• EXERCISE OBJECTIVE
Lines before the one containing "Some of the words" are excluded; reproduce that line and all lines after it in the entries below, exactly.

• SUPPLIED RECORDS
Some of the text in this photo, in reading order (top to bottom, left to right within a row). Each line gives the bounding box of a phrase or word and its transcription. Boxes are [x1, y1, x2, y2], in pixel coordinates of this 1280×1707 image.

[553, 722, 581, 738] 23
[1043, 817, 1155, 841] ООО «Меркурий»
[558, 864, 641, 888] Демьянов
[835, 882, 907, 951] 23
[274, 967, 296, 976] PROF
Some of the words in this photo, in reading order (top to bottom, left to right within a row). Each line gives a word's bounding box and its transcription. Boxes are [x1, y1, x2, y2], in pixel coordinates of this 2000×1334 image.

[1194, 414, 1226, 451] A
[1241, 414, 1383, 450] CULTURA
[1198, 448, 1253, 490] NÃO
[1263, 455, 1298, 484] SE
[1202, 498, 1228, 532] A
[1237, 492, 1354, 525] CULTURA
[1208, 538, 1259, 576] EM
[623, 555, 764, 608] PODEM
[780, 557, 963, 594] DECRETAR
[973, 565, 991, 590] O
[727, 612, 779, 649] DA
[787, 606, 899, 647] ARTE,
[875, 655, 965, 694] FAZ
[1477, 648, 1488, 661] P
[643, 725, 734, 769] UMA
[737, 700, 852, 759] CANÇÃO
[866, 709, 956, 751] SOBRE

• RESULT
Some of the words in this photo, in reading order (top to bottom, left to right within a row). Each line gives a word's bounding box and its transcription. Boxes are [x1, y1, x2, y2], in pixel coordinates of this 2000×1334 image.

[1194, 414, 1226, 451] A
[1241, 414, 1383, 450] CULTURA
[1198, 448, 1253, 490] NÃO
[1263, 455, 1298, 484] SE
[1202, 498, 1228, 532] A
[1237, 492, 1354, 525] CULTURA
[1208, 538, 1259, 576] EM
[623, 555, 764, 608] PODEM
[780, 557, 963, 594] DECRETAR
[973, 565, 991, 590] O
[727, 612, 779, 649] DA
[787, 606, 899, 647] ARTE,
[875, 655, 965, 694] FAZ
[1477, 648, 1488, 661] P
[643, 725, 734, 769] UMA
[737, 700, 852, 759] CANÇÃO
[866, 709, 956, 751] SOBRE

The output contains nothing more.